Description:
Using the built-in scheduler function to schedule SLURM arrays does not seem to work. I expect there to be a job created for each session. Each job would run with 4 cores, a 12G mem limit, and a 24h time limit. These jobs never make it to the queue.
import_bids
, create_session_info
, create_batch
, and setup_hcp
ran sucesfully for this dataset.
I manually created a SLURM script to submit hcp_pre_freesurfer
jobs as arrays due to the same errors with --scheduler
described here thinking it was specific to hcp_pre_freesurfer
.
The functionality last worked as expected in v99.1, for both hcp_pre_freesurfer
and hcp_freesurfer
Call:
${PROJSPACE}/qunex_container hcp_freesurfer \
--sessionsfolder="${DATADIR}/sessions" \
--batchfile=${DATADIR}/processing/batch.txt \
--bind="${DATADIR}:${DATADIR}" \
--container="${PROJSPACE}/qunex_suite-1.0.3.sif" \
--hcp_fs_extra_reconall='-parallel|-openmp|4|' \
--overwrite="yes" \
--scheduler="SLURM,array,cpus-per-task=4,time=24:00:00,mem-per-cpu=3000,jobname=qnx_fs"
Logs:
Relevant output after running this command
singularity exec --bind /nas/longleaf/home/dcmonroe:/nas/longleaf/home/dcmonroe --cleanenv --env SLURM_ARRAY_TASK_ID=${p},SLURM_ARRAY_TASK_MAX=${p} --bind /work/users/d/c/dcmonroe:/work/users/d/c/dcmonroe /proj/dcmonroelab/SYNK-share/qunex_suite-1.0.3.sif bash /nas/longleaf/home/dcmonroe/qunex_container_command_2024-12-29_09.15.56.139445.sh
It is not clear to me what the ${p}
is referring to.
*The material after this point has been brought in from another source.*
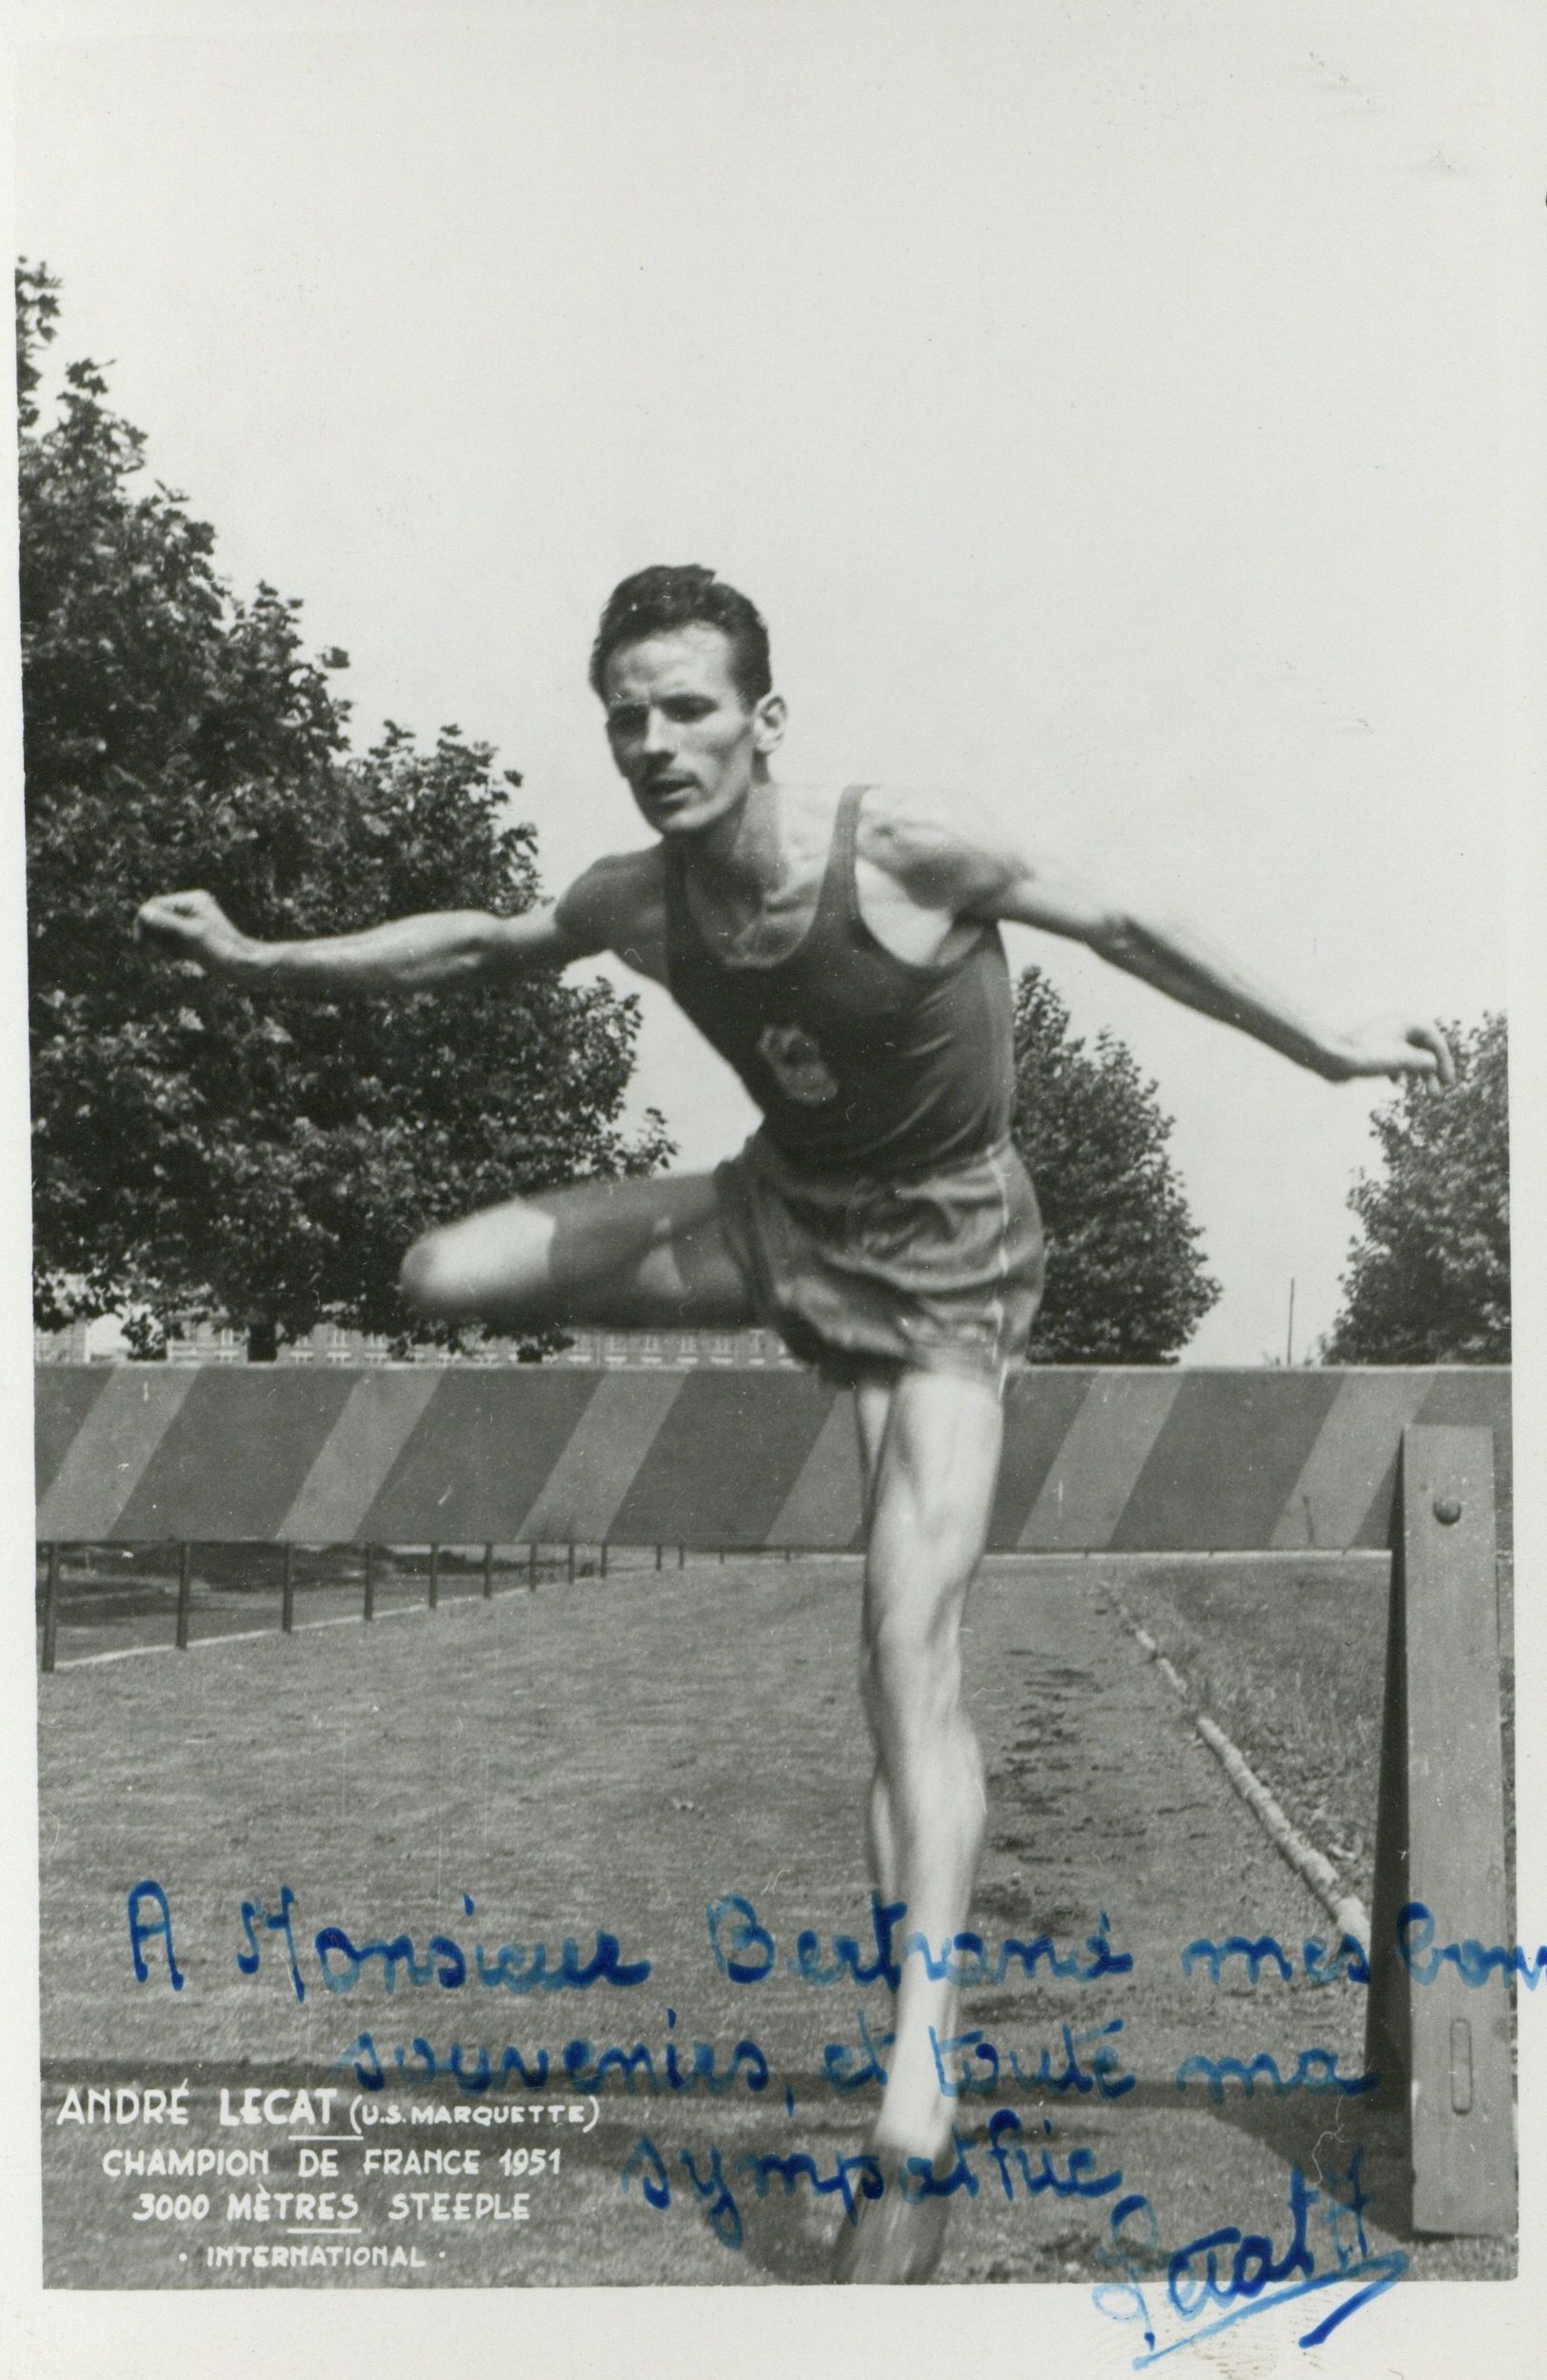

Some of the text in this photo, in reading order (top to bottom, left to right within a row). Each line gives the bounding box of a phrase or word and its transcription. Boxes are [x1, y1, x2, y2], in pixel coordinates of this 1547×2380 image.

It seems to me that it is the cause of the error below.
The relevant language from the container_job*.txt
Traceback (most recent call last):
File "/opt/qunex/python/qx_utilities/gmri", line 542, in <module>
main()
File "/opt/qunex/python/qx_utilities/gmri", line 488, in main
runCommand(comm, opts)
File "/opt/qunex/python/qx_utilities/gmri", line 70, in runCommand
gp.run(command, args)
File "/opt/qunex/python/qx_utilities/general/process.py", line 2222, in run
sessions, gpref = gc.get_sessions_list(
^^^^^^^^^^^^^^^^^^^^^
File "/opt/qunex/python/qx_utilities/general/core.py", line 369, in get_sessions_list
slurm_array_ix = int(os.environ["SLURM_ARRAY_TASK_ID"])
^^^^^^^^^^^^^^^^^^^^^^^^^^^^^^^^^^^^^^
ValueError: invalid literal for int() with base 10: ''
finally output from head -20 ${PROJSPACE}/qunex_container
#!/usr/bin/env python
# encoding: utf-8
#
# SPDX-FileCopyrightText: 2021 QuNex development team <https://qunex.yale.edu/>
#
# SPDX-License-Identifier: GPL-3.0-or-later
#
# Version 0.100.0 [QX IO]
from __future__ import print_function, division
import subprocess
import os
import sys
import re
import math
from datetime import datetime
class CommandError(Exception):
-DCM